Another cursory book review:
The scholar in me loves to follow the chain of ideas backwards from books I enjoy, reading the books that inspired and informed those authors in turn, finding new threads and ideas to explore.
I picked up the recently published Conspirituality by Derek Beres, Matthew Remski, and Julian Walker without knowing that the authors have a podcast on the intersection of New Age spirituality, conspiracy theory, and health. Rather, I came to the book via a citation in Christy Harrison's The Wellness Trap. And as that book drew heavily on the work of my friend Mike Caulfield — who, incidentally, has lately been penning some very interesting thoughts about misinformation and "reasonableness" — I figured it was probably worth my time to think a bit more about how wellness technologies fit into all this.
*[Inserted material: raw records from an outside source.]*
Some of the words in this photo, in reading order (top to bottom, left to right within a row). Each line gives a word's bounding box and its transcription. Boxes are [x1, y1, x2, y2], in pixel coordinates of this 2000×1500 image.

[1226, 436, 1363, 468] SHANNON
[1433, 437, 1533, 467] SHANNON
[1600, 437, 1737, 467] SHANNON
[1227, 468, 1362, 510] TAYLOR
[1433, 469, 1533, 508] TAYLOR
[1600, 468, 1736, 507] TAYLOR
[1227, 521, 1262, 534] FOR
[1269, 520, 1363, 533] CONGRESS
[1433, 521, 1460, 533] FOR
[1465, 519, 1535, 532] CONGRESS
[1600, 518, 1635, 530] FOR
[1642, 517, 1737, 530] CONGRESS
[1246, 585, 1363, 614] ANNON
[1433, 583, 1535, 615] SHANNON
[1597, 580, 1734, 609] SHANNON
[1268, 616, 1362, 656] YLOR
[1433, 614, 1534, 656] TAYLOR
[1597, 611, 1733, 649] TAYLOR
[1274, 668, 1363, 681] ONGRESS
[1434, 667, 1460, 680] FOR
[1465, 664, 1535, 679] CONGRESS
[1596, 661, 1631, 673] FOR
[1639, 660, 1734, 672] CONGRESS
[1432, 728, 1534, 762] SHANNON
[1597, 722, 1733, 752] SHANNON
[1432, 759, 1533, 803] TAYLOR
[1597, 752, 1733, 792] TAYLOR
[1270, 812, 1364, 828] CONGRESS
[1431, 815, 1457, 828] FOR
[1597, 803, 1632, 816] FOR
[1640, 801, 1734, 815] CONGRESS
Conspirituality is a bit of an awkwardly written book — perhaps that's simply what happens when three people try to write a book together. The authors' different first-hand experiences pop up here and there as one or other (or the other) admits their own participation in various cult-y, conspiracy-laden groups. Their research draws a lot, I reckon, on their podcast, and it feels as though they’ve attempted to weave together lots of episodes and lots of threads. In places, it works well. In others, the arguments feel as unwieldy and tenuous.
The authors draw, in part, on the work of Michael Barkun to explain how the conspiracy mindset works: "Nothing happens by accident. Nothing is as it seems. Everything is connected….'Because the conspiracists' world has no room for accident, pattern is believed to be everywhere, albeit hidden from plain view.' The calling of the conspiracy theorist, therefore, is to eternally connect the dots." This is useful. It helps make sense of the “do your research!” command one hears from those deep deep deep in COVID denial, for instance.
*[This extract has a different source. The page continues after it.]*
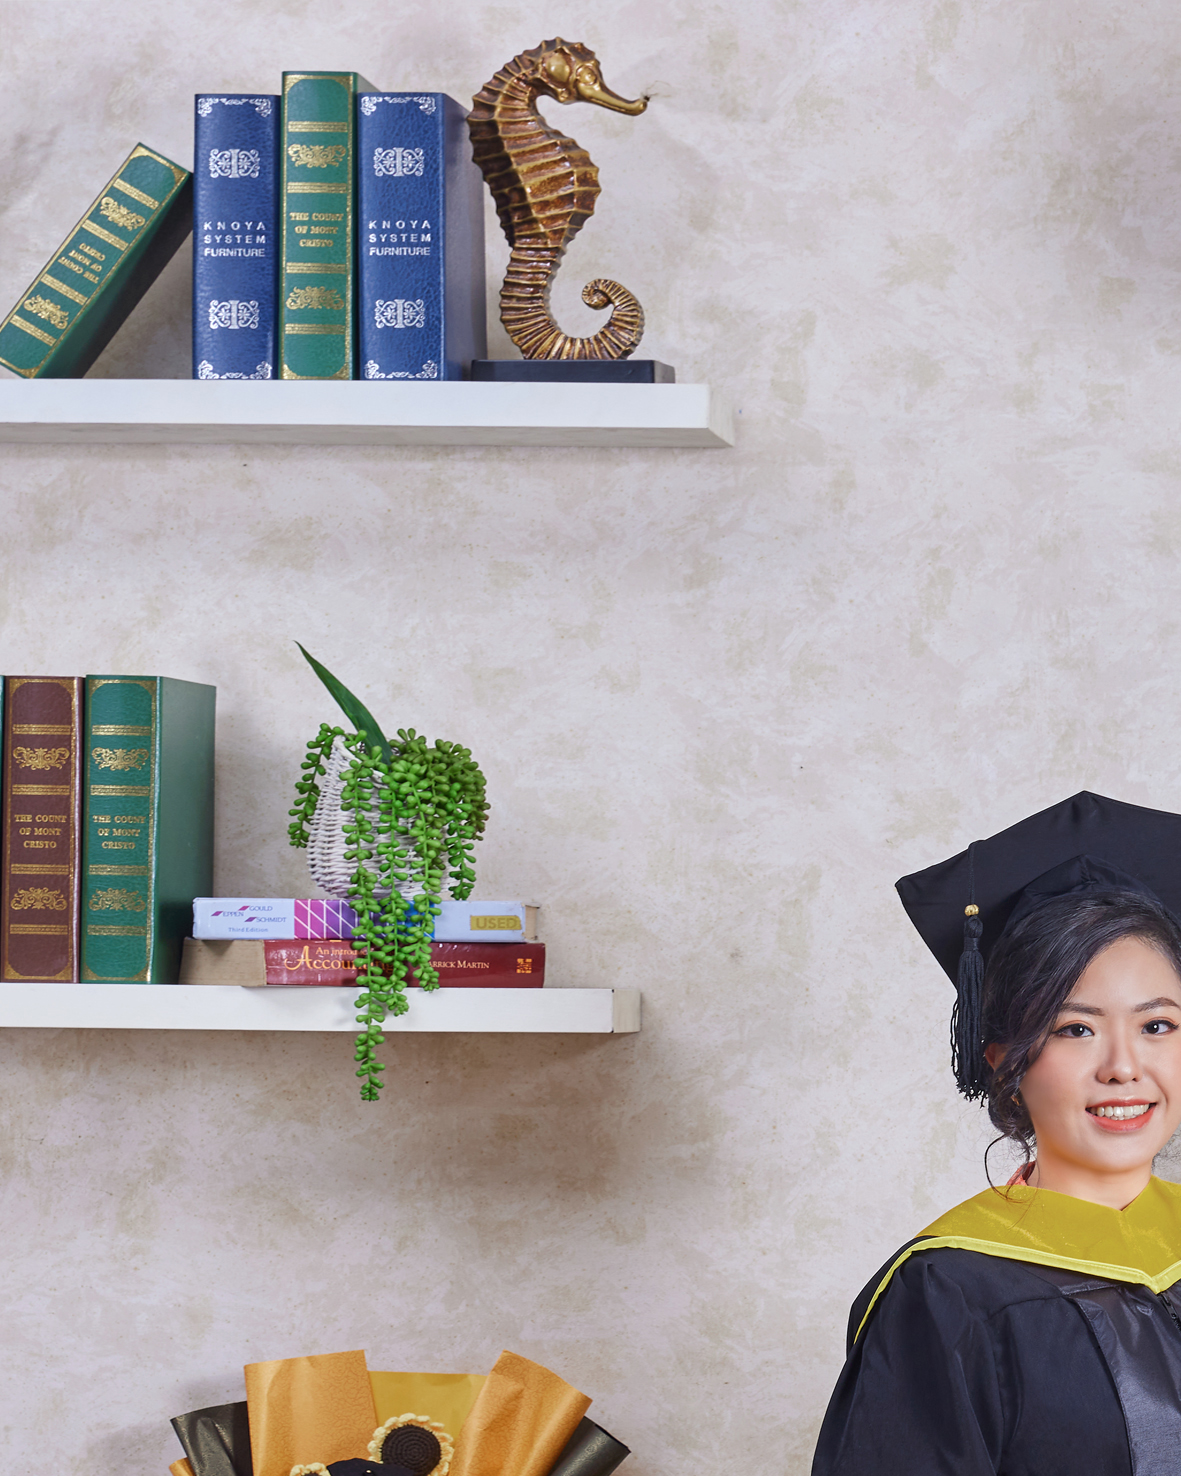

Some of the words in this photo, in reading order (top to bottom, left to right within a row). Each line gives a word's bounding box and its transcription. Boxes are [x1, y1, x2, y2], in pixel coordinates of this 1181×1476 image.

The authors spend part of the book listing out the people they see as the main perpetrators of "conspirituality" and its associated misinformation. I guess it's worth knowing the cast of characters (I guess?) — and the book is deeply researched into who these folks are, how they monetize their ideas and manipulate their followers. It's worth noting that, while the Internet has certainly given these folks a stage and a market, they are connected to older snake oil salespeople and older fascist movements.
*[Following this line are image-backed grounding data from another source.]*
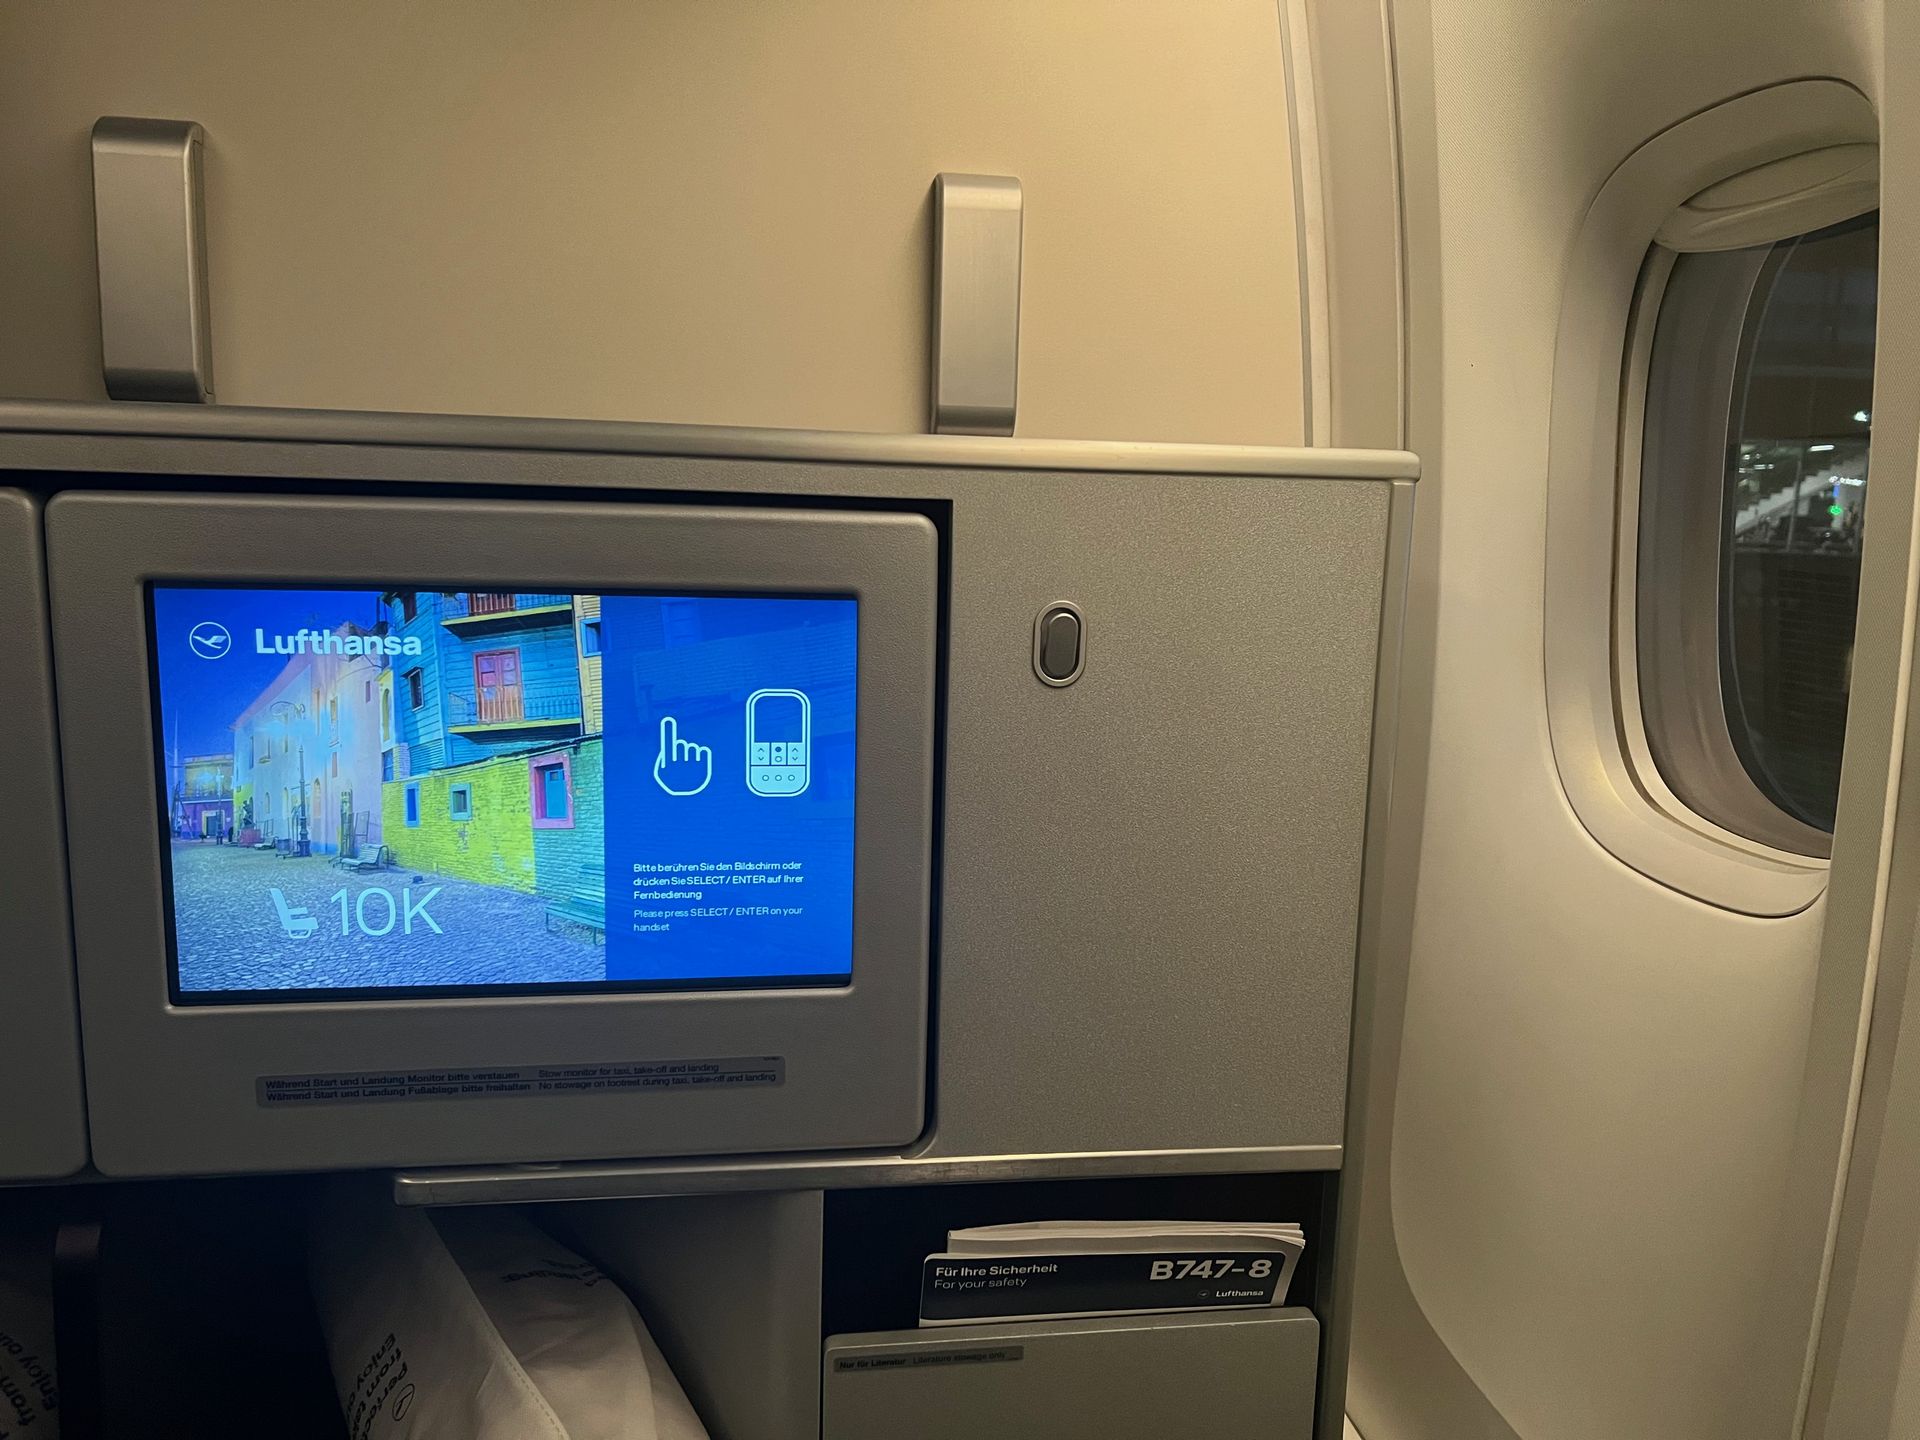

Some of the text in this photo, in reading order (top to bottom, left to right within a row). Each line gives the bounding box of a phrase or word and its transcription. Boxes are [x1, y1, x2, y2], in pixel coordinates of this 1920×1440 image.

[255, 628, 422, 656] Lufthansa
[633, 861, 803, 873] Bitte berühren Sie den Bildschirm oder
[633, 877, 670, 887] drücken
[671, 876, 687, 886] Sie
[686, 875, 725, 885] SELECT
[732, 875, 766, 884] ENTER
[766, 874, 782, 884] auf
[783, 874, 804, 883] Ihrer
[633, 890, 703, 901] Fernbedienung
[330, 887, 444, 937] 10K
[633, 909, 664, 919] Please
[664, 910, 689, 920] press
[690, 907, 728, 917] SELECT
[735, 906, 769, 916] ENTER
[782, 907, 803, 917] your
[633, 923, 670, 932] handset
[599, 1067, 611, 1076] for
[669, 1065, 687, 1073] and
[687, 1063, 720, 1073] landing
[265, 1079, 310, 1089] Während
[312, 1078, 337, 1087] Start
[361, 1075, 405, 1086] Landung
[407, 1074, 446, 1083] Monitor
[447, 1072, 470, 1082] bitte
[538, 1081, 553, 1090] No
[727, 1073, 744, 1082] and
[745, 1071, 777, 1082] landing
[313, 1090, 338, 1099] Start
[340, 1089, 360, 1097] und
[362, 1086, 406, 1098] Landung
[461, 1083, 484, 1093] bitte
[935, 1263, 1059, 1277] Für Ihre Sicherheit
[1148, 1257, 1273, 1281] B747-8
[934, 1276, 1029, 1292] For your safety
[1214, 1288, 1265, 1298] Lufthansa
[356, 1333, 396, 1391] Enjoy
[839, 1361, 856, 1370] Nur
[366, 1347, 402, 1398] from
The book traces what seems to be, in so many cases, the yoga-to-COVID-denier pipeline — and yes, yoga seems to be the doorway to soooo much of the health disinformation we’re facing. It's worth, as such, in thinking about why that is — what is it about yoga in particular that makes people susceptible to this thinking. The wellness industry, including its cousin the fitness industry, they argue, functions as a form of "'soft eugenics." And yoga, in particular draws on "a kind of (now-depoliticized) body fascism that was over a century old, … laundered through aspirational consumerism so that its sexist, racist, and violent implications were almost invisible." And from here, I've now got books to read on the invention of two activities I enjoy: bodybuilding and yoga. Eugen Sandow, "the father of modern bodybuilding" and the "world's perfect man," is a stage name quite literally chosen to reference "eugenics." And Sandow apparently inspired Bhavanrao Pant Pratinidhi, the rajah of the state of Aundh in the early 20th century, and (re)inventor of yoga's sun salutation.
What gets obscured in this churning transcultural whirlpool is that while European and Indian physical culturists approached their passions from opposite sides of the colonial wound, they both tried to dress it with the salve of fascism. Their shared beliefs—which also carried and mingled religious histories from both West and East—echo forward into our own lives: that through discipline, purification, restoring virility, and weeding out all sickness, disability, and sexual deviance, a transcendent identity would emerge.
I have a lot more reading and thinking to do on all this. And I guess that's always one of the best things to say about a book when you’re done with it: it’s prompted you to keep reading.